Ее страх постепенно отступал, она понемногу раскрепощалась. Она уже не сутулилась, не прятала глаза при встрече с Норманом. Улыбка, прежде месяцами не посещавшая ее губы, вновь появилась на ее лице при их общении. Какое-то значение здесь имело и то, что Норман служил во Франции. Она знала об этом. То обстоятельство, что он никогда не был на Восточном фронте, не воевал с ее соотечественниками, приглушило неприязнь Полины к нему, как к представителю враждебного народа.

Но несколько дней отпуска солдата быстро истекли и вновь наступили безрадостные недели и месяцы неволи. Гертруда вновь вернула Полину на тяжёлые работы. Однако теперь ее жизнь немного скрашивалось воспоминаниями о времени общения с Норманом, о его человечном отношении к ней.
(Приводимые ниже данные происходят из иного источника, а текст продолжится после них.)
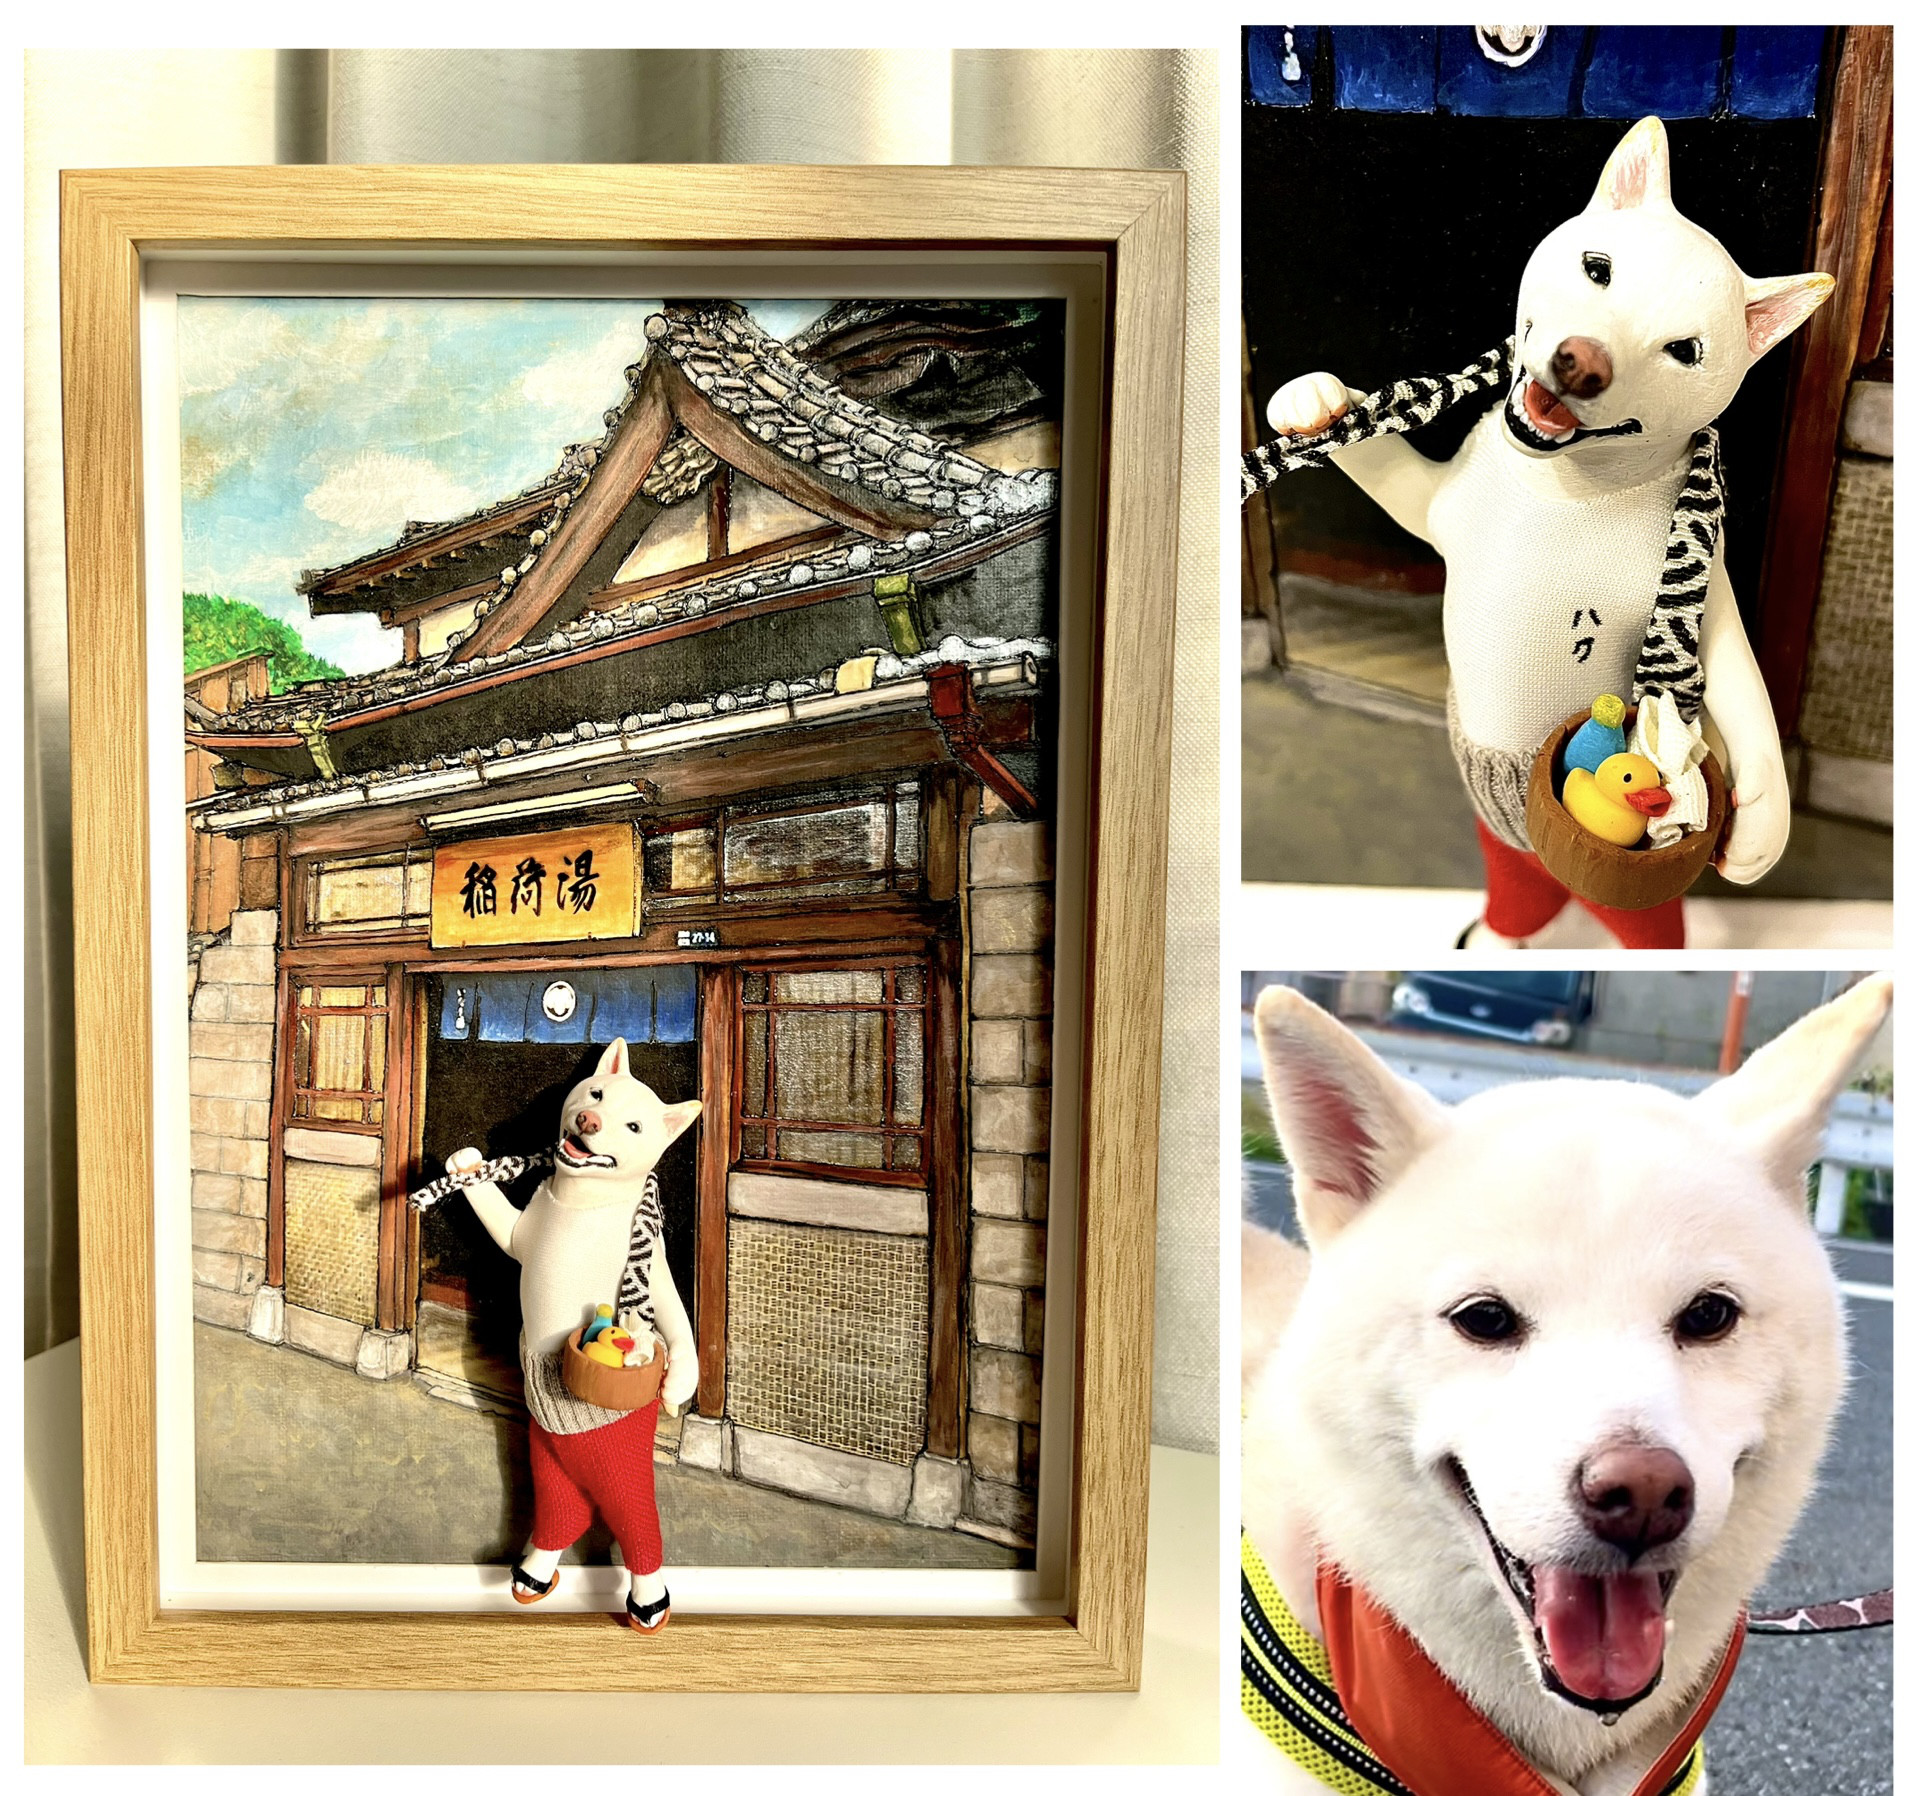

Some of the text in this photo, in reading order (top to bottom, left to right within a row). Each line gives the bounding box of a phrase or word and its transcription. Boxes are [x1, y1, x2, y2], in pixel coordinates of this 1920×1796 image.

[1571, 608, 1602, 664] ハク
[460, 849, 600, 919] 稲荷湯
Гертруда внимательно наблюдала за развитием отношений сына с русской работницей. Она не посвящала сына в свои планы, не форсировала события, так как поняла, что они могут реализоваться сами собой. Да, и пока сын служил в уже побеждённой Франции, она не особенно беспокоилась за его жизнь.

Шёл ещё только 43 год. Полине не знала, что происходит на фронтах на самом деле, и в оценках происходящего руководствовалась личными впечатлениями и своими прошлыми наблюдениями. Она помнила свою сожженную деревню, своими глазами видела поспешное отступление Красной Армии из Смоленска, и ей нетрудно было сейчас поверить в то, что немцы уже взяли Москву, Сталинград, Ленинград, как утверждали все в усадьбе Гертруды. Ей казалось, что все кончено и ее место здесь навсегда.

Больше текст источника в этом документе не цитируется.